To me, the more frightening option, though, would be mind uploading, ‘in which your brain is digitally scanned and copied onto a computer. This method presupposes that consciousness is akin to software running on some kind of organic hard-disk – that what makes you you is the sum total of the information stored in the brain’s operations, and therefore it should be possible to migrate the self onto a different physical substrate or platform.’ The idea doesn’t appeal to me for a variety of reasons, but the essay offered some terrifying possibilities that I hadn’t thought of:  ‘[W]e cannot predict what the actual upload would feel like to the mind being transferred… What if the whole process, including your very existence as a digital being, is so qualitatively different from biological existence as to make you utterly terrified or even catatonic? If so, what if you can’t communicate to outsiders or switch yourself off?’ After all, that which is me is a product of organic evolution that has developed in an organic world; all that my brain ‘knows’ is predicated on that. ‘Some philosophers, such as David Chalmers, think there is a possibility that your upload would appear functionally identical to your old self without having any conscious experience of the world.’

‘Another problem arises with the prospect of copying your uploaded mind and running the copy simultaneously with the original. One popular position in philosophy is that the youness of you depends on remaining a singular person.’ Even identical twins are separate entities with unique experiences that shape their thoughts.

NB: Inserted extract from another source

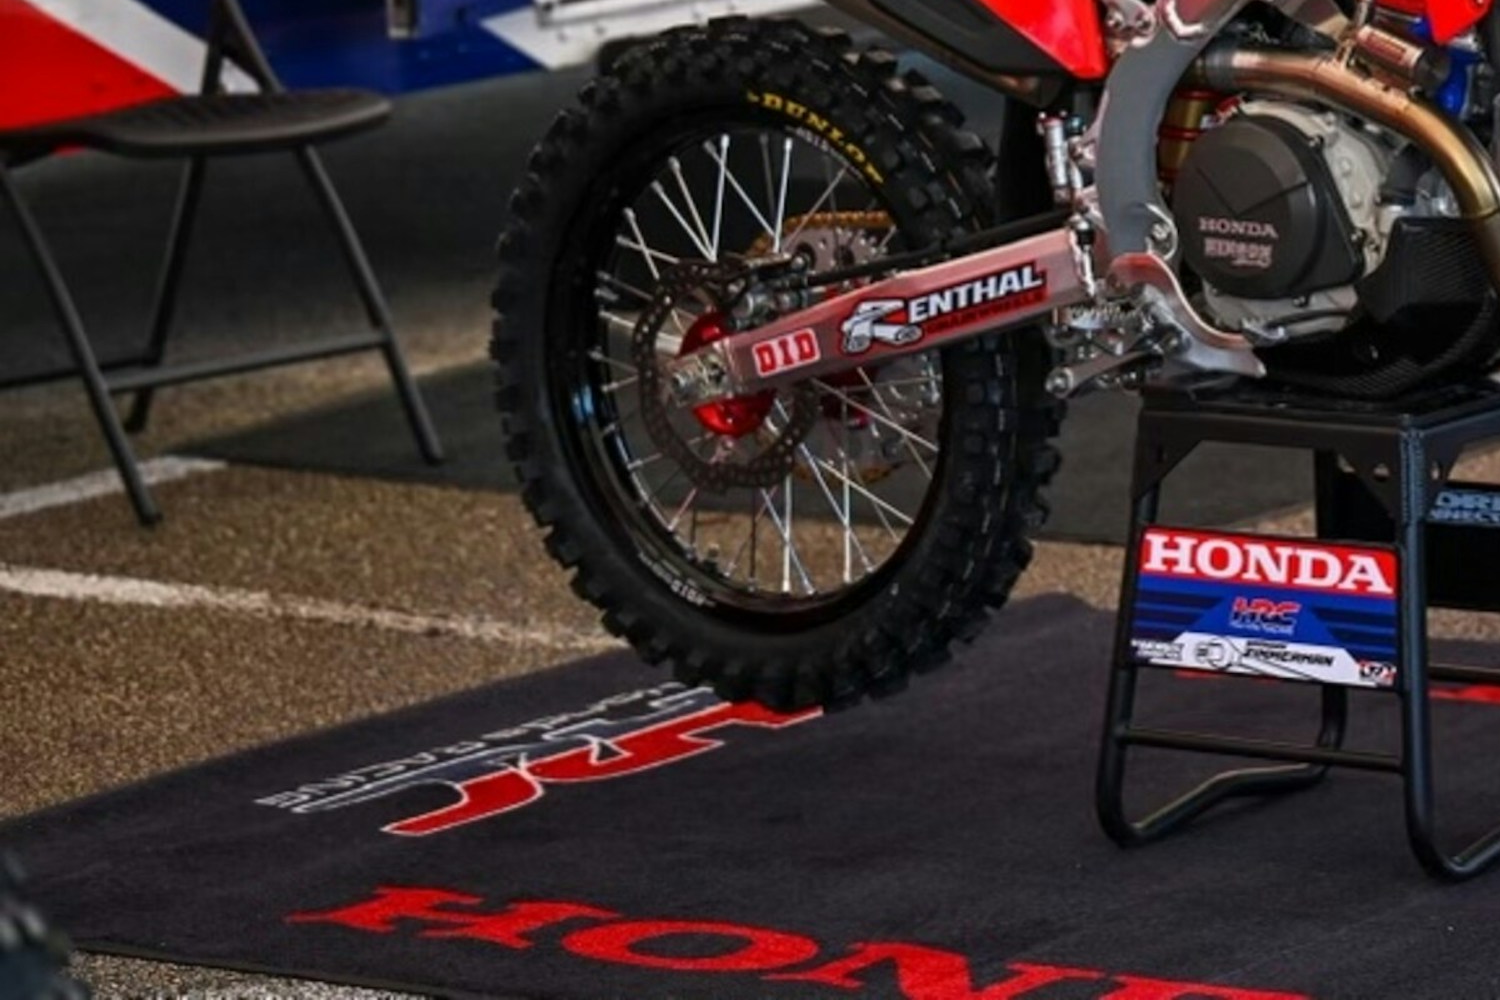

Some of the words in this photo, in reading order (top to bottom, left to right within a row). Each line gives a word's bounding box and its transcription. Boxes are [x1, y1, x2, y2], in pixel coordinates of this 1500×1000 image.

[760, 92, 885, 184] DUNLOP
[1198, 216, 1279, 239] HONDA
[1143, 533, 1394, 595] HONDA
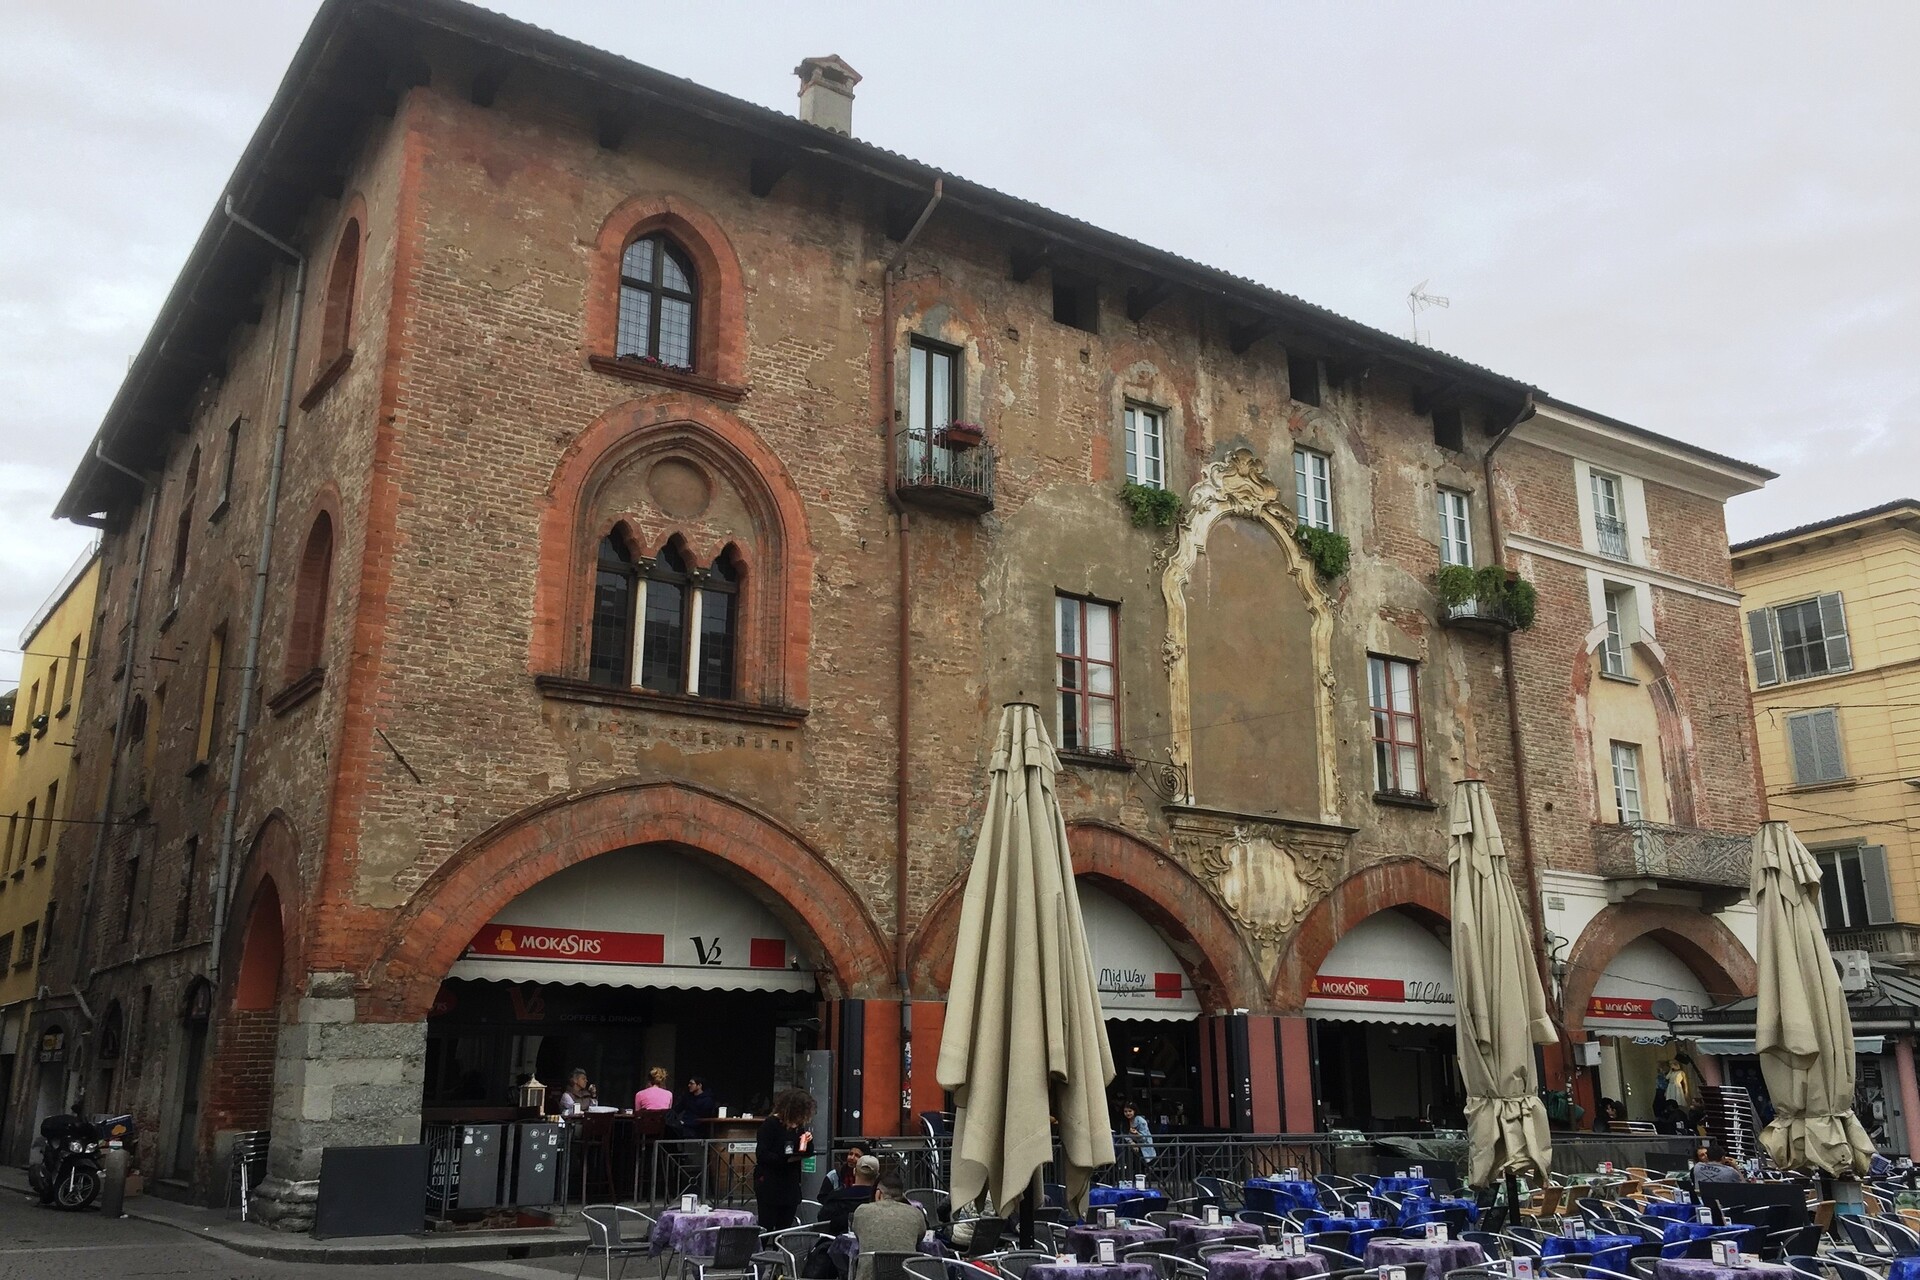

So much to worry about, eh? I can remember a time when you just up and died. You didn’t have to have a PhD in Philosophy to decide what to put in your living will, and you could feel good about deciding to donate whichever of your organs were salvageable to somebody whose needs suddenly trumped your own.

Frankly, if the truth be known, I don’t really trust the future. Sure, some historians may decide to resuscitate a few sample specimens to talk to, but why in the world would they want to revive the rest? I’m sure it would be expensive to do, and maybe mostly what they’d get would be vegetables at first, anyway. Personally, I’d rather be a pile of bones than a babbling cabbage.

Or would it be like Jurassic Park, and the revivees would put in an enclosure somewhere for kids to tease… or scientists to test their theories on?

Nope. There’s just too much uncertainty to risk damaging all those wonderfully coloured patches sewn to my quilt over the years -too much of a gamble letting someone else I don’t even know, borrow it for all time.